I tassi bassi non sono dunque una libera scelta o un espediente geniale, bensì la conseguenza della domanda bassa di quattrini da parte del sistema. Le decisioni della Fed, al pari del bazooka di Draghi, stanno a ricordare che la situazione è tutt’altro che allegra: gli Usa non sono in grado di sostenere il rialzo dei tassi; nelle economie Emergenti si moltiplicano i segnali di crisi, a partire da Brasile e Turchia; lo stato depresso dei prezzi delle materie prime pesa sul Sud America; la svalutazione delle valute asiatiche rischia di esser l’avvisaglia di guerra tra esportatori. E in Europa, oltre a dramma greco, basta l’assedio alla sede della Bce nel giorno della sua inaugurazione a ricordare la situazione di molti cittadini anche in Germania.

Come uscire dalla spirale della crisi? Mario Draghi continua a ripetere che il Qe da solo non basta. Occorre, semmai, accelerare il cammino delle riforme strutturali, in assenza delle quali per molto tempo la Bce dovrà, come ha fatto ieri, registrare i ritardi e le mancanze dei governi. La gravità degli squilibri sta aumentando in diversi Paesi, ricorda il Bollettino economico della Bce, aggiungendo che questo risultato è preoccupante poiché una delle ragioni principali per introdurre la procedura per gli squilibri macroeconomici (Psm) era che tale procedura poteva aiutare ed evitare l’emergere di squilibri dannosi e favorire il rientro degli squilibri esistenti. La terapia, dunque, è di sfruttare il tempo guadagnato grazie all’ossigeno somministrato dal Qe per correggere le inefficienze della finanza pubblica e correggere i deficit di investimento. Ma è la terapia giusta?
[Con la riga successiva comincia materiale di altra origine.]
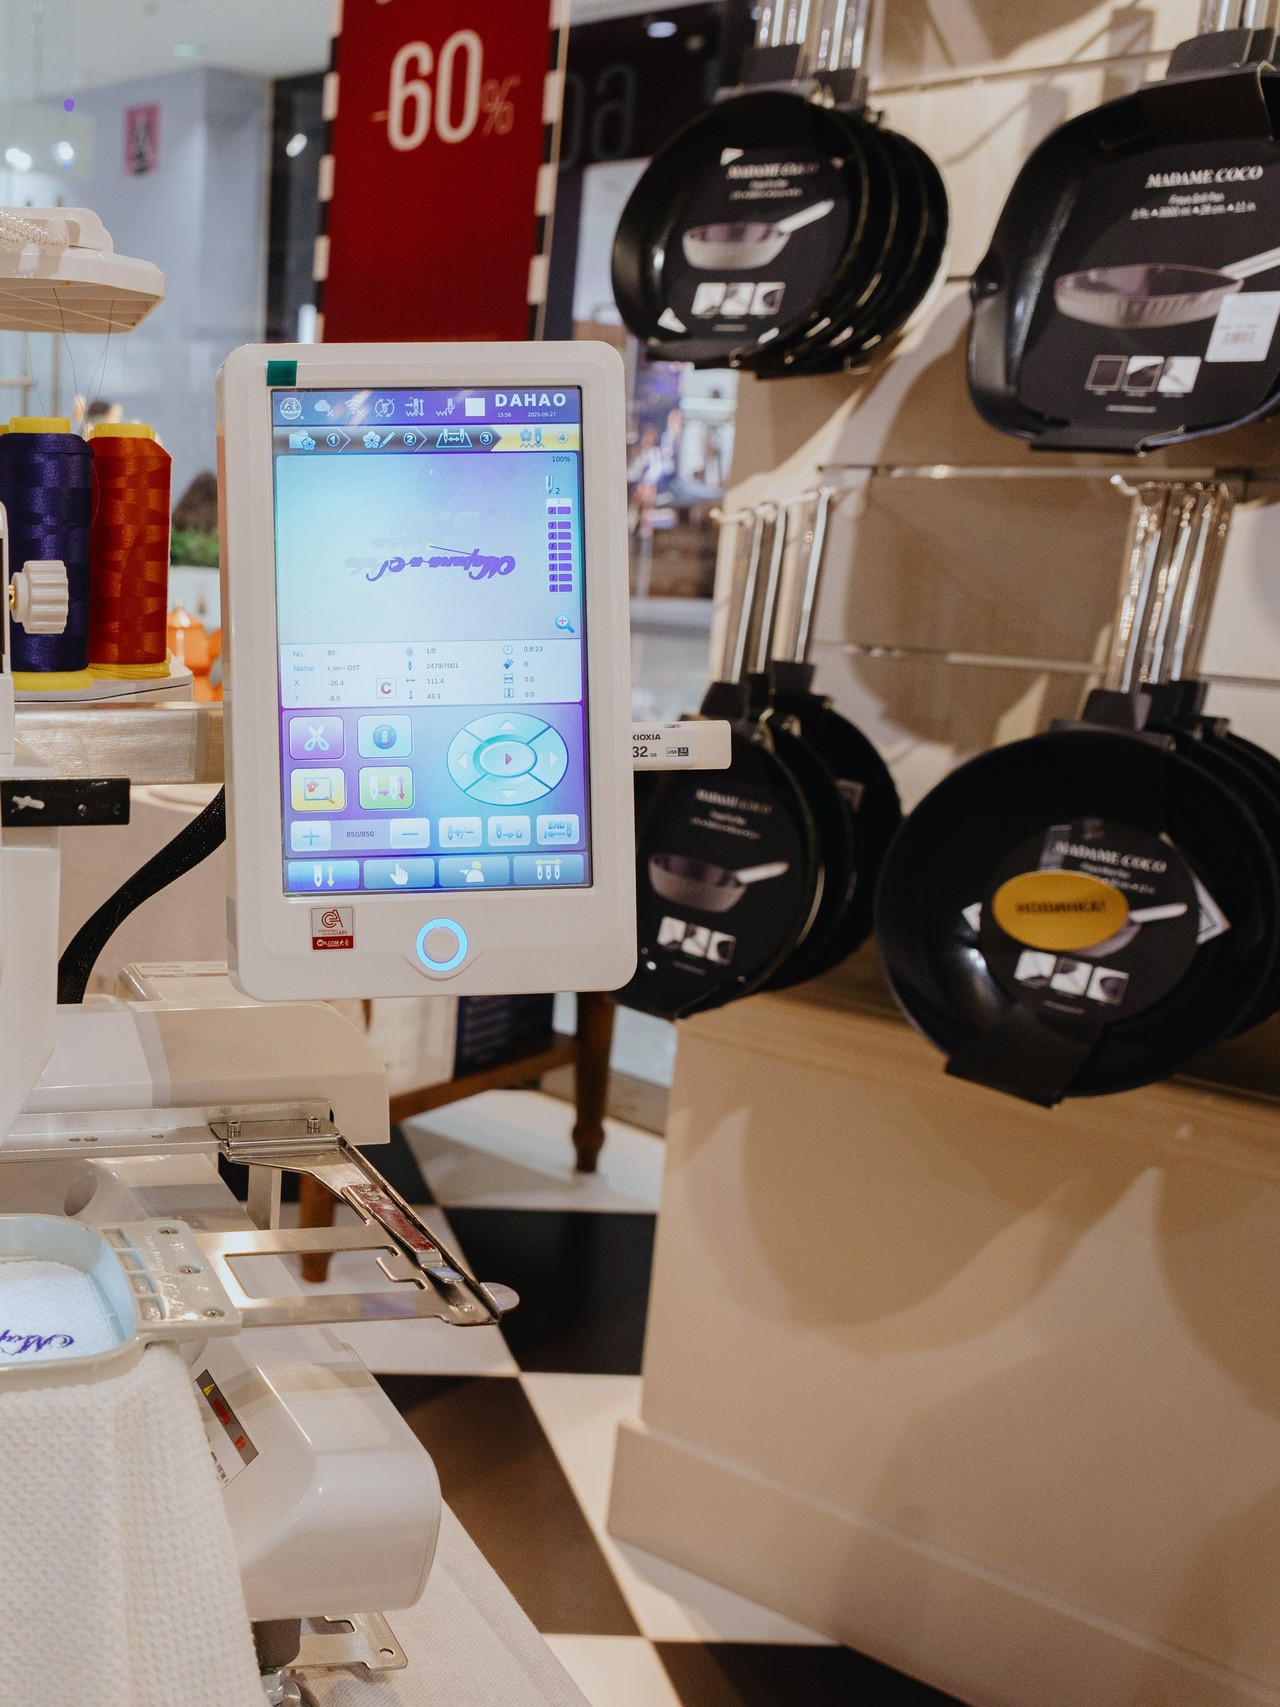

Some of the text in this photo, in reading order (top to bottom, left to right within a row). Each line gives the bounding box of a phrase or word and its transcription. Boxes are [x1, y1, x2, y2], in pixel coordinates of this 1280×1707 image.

[1144, 165, 1263, 188] MADAME COCO
[495, 392, 567, 407] DAHAO
[380, 682, 392, 694] C
[633, 746, 648, 757] 32
[346, 830, 375, 838] 850/850
[1121, 854, 1167, 874] COCO
Richard Koo, chief economist di Nomura e grande esperto della crisi giapponese, dissente: la recessione europea dipende dai saldi di bilancio. Il settore privato, in una congiuntura segnata dagli alti debiti preferisce risparmiare (vedi le famiglie) a danno di domanda e investimenti (vedi imprese). Per curare la malattia, perciò, è necessario che la domanda pubblica prenda il posto dei privati. L’opposto dell’austerità, che rischia di rendere la situazione sempre peggiore grazie ad alcuni effetti perversi: l’Italia, in cui i risparmi privati rappresentano il 7% del Pil, non può utilizzare queste risorse perché il trattato di Maastricht dice che non può avere un deficit superiore al 3%. E il surplus finisce in Bund tedeschi o nei T-Bond Usa. Le riforme strutturali proposte da Draghi, dice Koo in un’intervista a Il Corriere della Sera, “equivalgono alla dieta e ai servizi da seguire quando si è malati”. Ma la dieta da sola non ha alcuna efficacia, quando si ha fame, come capita ad Atene e dintorni. 

Ben venga il Qe e si isoli il paziente greco, tentato dall’autolesionismo. Ma si riscoprano i vantaggi di una forte iniezione di capitali per favorire investimenti pubblici su scala continentale, magari affidati a chi li sa fare. Senza illudersi che il bazooka di Draghi equivalga alla bacchetta magica di mago Merlino. Altrimenti il Qe, nato con l’opposizione della Bundesbank, servirà a ridare ossigeno all’export della Bmw, grazie all’euro debole e al denaro a costo zero. Ma non a evitare la deriva della Grecia verso il fallimento.